A belief in children a decade later at Woodland Hills

By Chaas Toborg Just off Allendale Avenue is where the Woodland car line ended. In the cars, children from broken homes waited for the end of the ride, an end that meant a new beginning. At the end of the Woodland trolley line sat a pot of gold for those children—St. James Orphanage.

James McGolrick was the first Bishop of the Catholic Diocese of Duluth. He is remembered for holding the highest importance on providing for dependent children. In a memorial written for him in 1918, the main headline reads, “Provides for Children.” Sadly, circumstances that facilitated his desire to help were all too prevalent.

At the turn of the century less medical technology was available. This was one reason for a higher mortality rate. Too often, one parent would pass away leaving the other to care for up to five or six children. As this lead to uncared-for children, McGolrick found his chance to put his hope into action.

St. James Orphanage opened on a plot of 40 acres in 1909. It would join two other Catholic orphanages in Duluth, located downtown and the West end.

By 1910 the orphanage was up and running, taking in children from broken homes. Where the Duluth Transit Authority now runs, the Woodland car line brought these children to their new home.

McGolrick believed that every child could be successful. Coined the “first citizen of Duluth,” he put his life’s effort into those who were unfortunate and hoped to make the world a better place

In 1910, Venerable Sister James, superintendent of Duluth’s orphanages for 20 years, described their objective in the orphanage’s newsletter as “Homelike training and care of orphan children, fitting them to take their place in the world.”

They taught academic classes along with instrumental music. All of the girls were taught sewing and cooking. The boys had the option of observing practical farming.

The Holstein herd provided work for the older boys. St. James kept a herd of Holstein cows, the world’s highest producer of dairy, on their plot of land.

St. James paid the boys for their summer work. They encouraged the boys to buy themselves clothes and to save the rest in bank accounts they would open.

McGolrick’s children wasted no time making him proud. In September of 1928, the Duluth News Tribune reported that the boys maintained one of the best farms in the state.

The St. James Guild yearbook for 1915 recorded 100 children at the start of the year as residents of St. James and that 94 fresh faces entered throughout the year.

From infants to 14-year-olds, the demand for their service was apparent in the slight raise in occupancy each year. All this meant for Monsignor Michael Boland, superintendent of St. James, was another opportunity. In an interview with the Duluth News Tribune in September 1941, Boland said of St. James, “Character building and social responsibility are the objectives in the whole routine.”

In 1952, 170 children occupied St. James.

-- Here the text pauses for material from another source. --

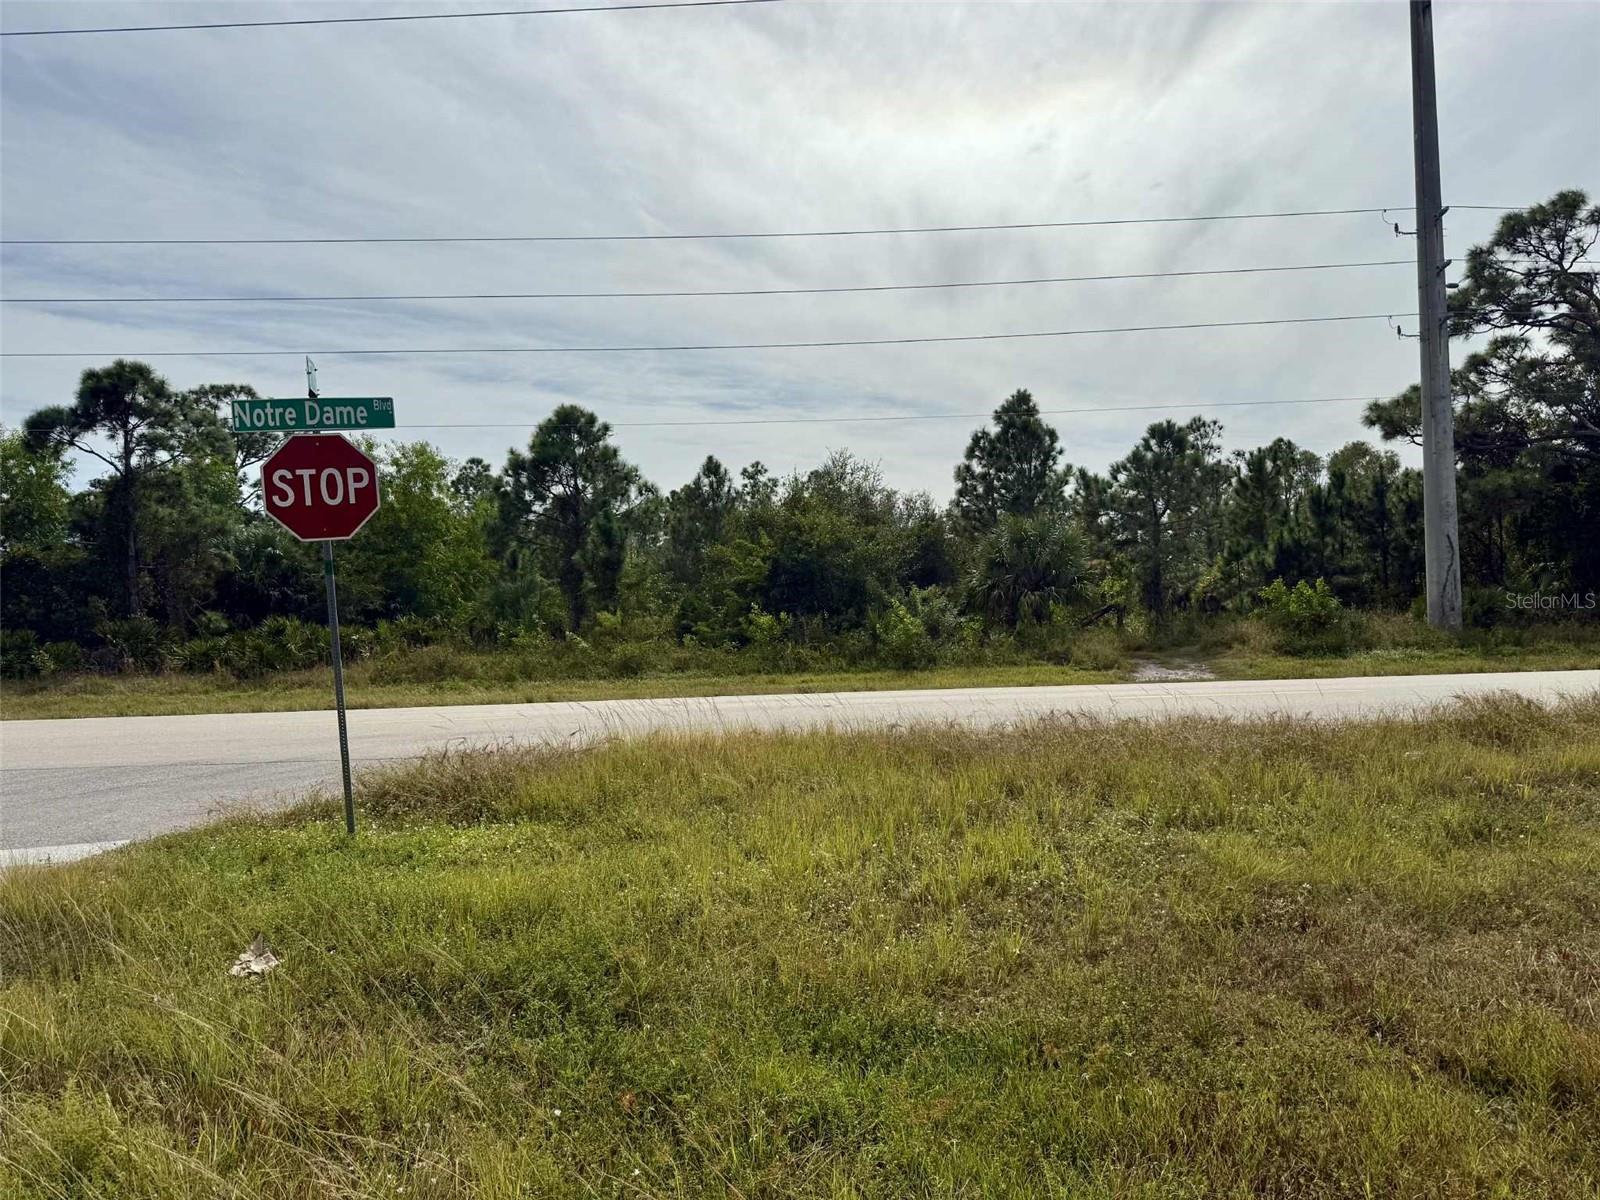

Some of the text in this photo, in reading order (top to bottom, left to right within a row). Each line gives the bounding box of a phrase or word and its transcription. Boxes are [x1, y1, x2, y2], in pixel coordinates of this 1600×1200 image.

The 1960s brought change to St. James, as it did across the country.  In October 1964, the Duluth Herald published, “St. James Home Undergoes Changes.” They adopted a new name, St. James Children’s home in Woodland. The Catholic Diocese ended their involvement, and children of other faiths were admitted into the home.

St. James Children’s home became fully incorporated into Woodland Hills in 1971.

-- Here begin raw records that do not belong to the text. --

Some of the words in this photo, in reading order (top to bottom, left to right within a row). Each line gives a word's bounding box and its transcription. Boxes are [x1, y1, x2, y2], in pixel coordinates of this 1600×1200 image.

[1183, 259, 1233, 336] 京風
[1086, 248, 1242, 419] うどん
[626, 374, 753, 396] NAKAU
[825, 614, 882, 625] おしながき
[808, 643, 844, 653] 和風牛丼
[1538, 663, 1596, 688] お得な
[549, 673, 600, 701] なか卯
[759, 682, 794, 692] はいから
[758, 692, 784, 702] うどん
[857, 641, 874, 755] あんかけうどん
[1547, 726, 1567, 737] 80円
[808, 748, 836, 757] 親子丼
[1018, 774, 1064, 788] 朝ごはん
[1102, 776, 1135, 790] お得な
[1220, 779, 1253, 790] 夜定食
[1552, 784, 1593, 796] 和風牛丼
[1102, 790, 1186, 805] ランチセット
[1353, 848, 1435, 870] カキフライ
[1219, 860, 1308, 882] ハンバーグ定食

This organization placed focus on serious behavior problems. The new structure brought focus to at-risk boys ages 9 to 17 and allows for residents to stay past eighth grade, a privilege not allowed prior due to space and money restraints.

As the millennium approached, the continually evolving goal of success for Duluth’s unfortunate youth added another twinkle in Bishop McGolrick’s eye. In the mid 1990s, Woodland Hills got a plot of land to build on.

The plot was described as one to utilize full potential to help, in the February 1994 edition of Duluthian. The article was called “Youth Challenge” and outlines Woodland Hills’ efforts with Duluth’s youth.

The focus of Woodland Hills became creating a peer culture. They organized children to work together and to help each other to create a positive experience.

Organized by size, age and ability to function in a social setting, they engaged in long-term activities involving work, school and recreation.

Woodland Hills rented an old community school building from the Duluth school district to educate their students. In 1997, Woodland Hills bought that old neighborhood school, Cobb School, and moved their educational program there – their first school.

In 2004, Woodland Hills got an outdoor area for grilling and holding social gatherings, their first ever such area. Three years later, they were granted permission to build another bedroom for two more clients.

Just this year, Woodland Hills has seen two improvements to their home. They built a new dorm for the girls and are remodeling the boys’ wing. A shelter for their transport vans was built in the last couple months.

St. James orphanage may not have its original name, superintendent, diocese or focus, but the energy for a successful youth culture remains.

Today, Woodland Hills is a private, non-profit agency helping youth realize their potential by providing a safe, healthy therapeutic environment, according to their Web site. This holds true for Lesa Radtke, a 15-year employee of the center who works in Customer Liaison Agency Relations.

“The commitment to kids is unwavering,” she said, talking about the current methods to setting up youth for success. “We always seek better answers.”

The legacy of this organization has undergone immense change, but some things stay the same.

Duluth’s first Bishop James McGolrick started patching the broken lives of children just off Allendale, where the car line ended. With each car Woodland Hills sends out today, his wishes that the institution continue to respond to the needs of humanity comes true again.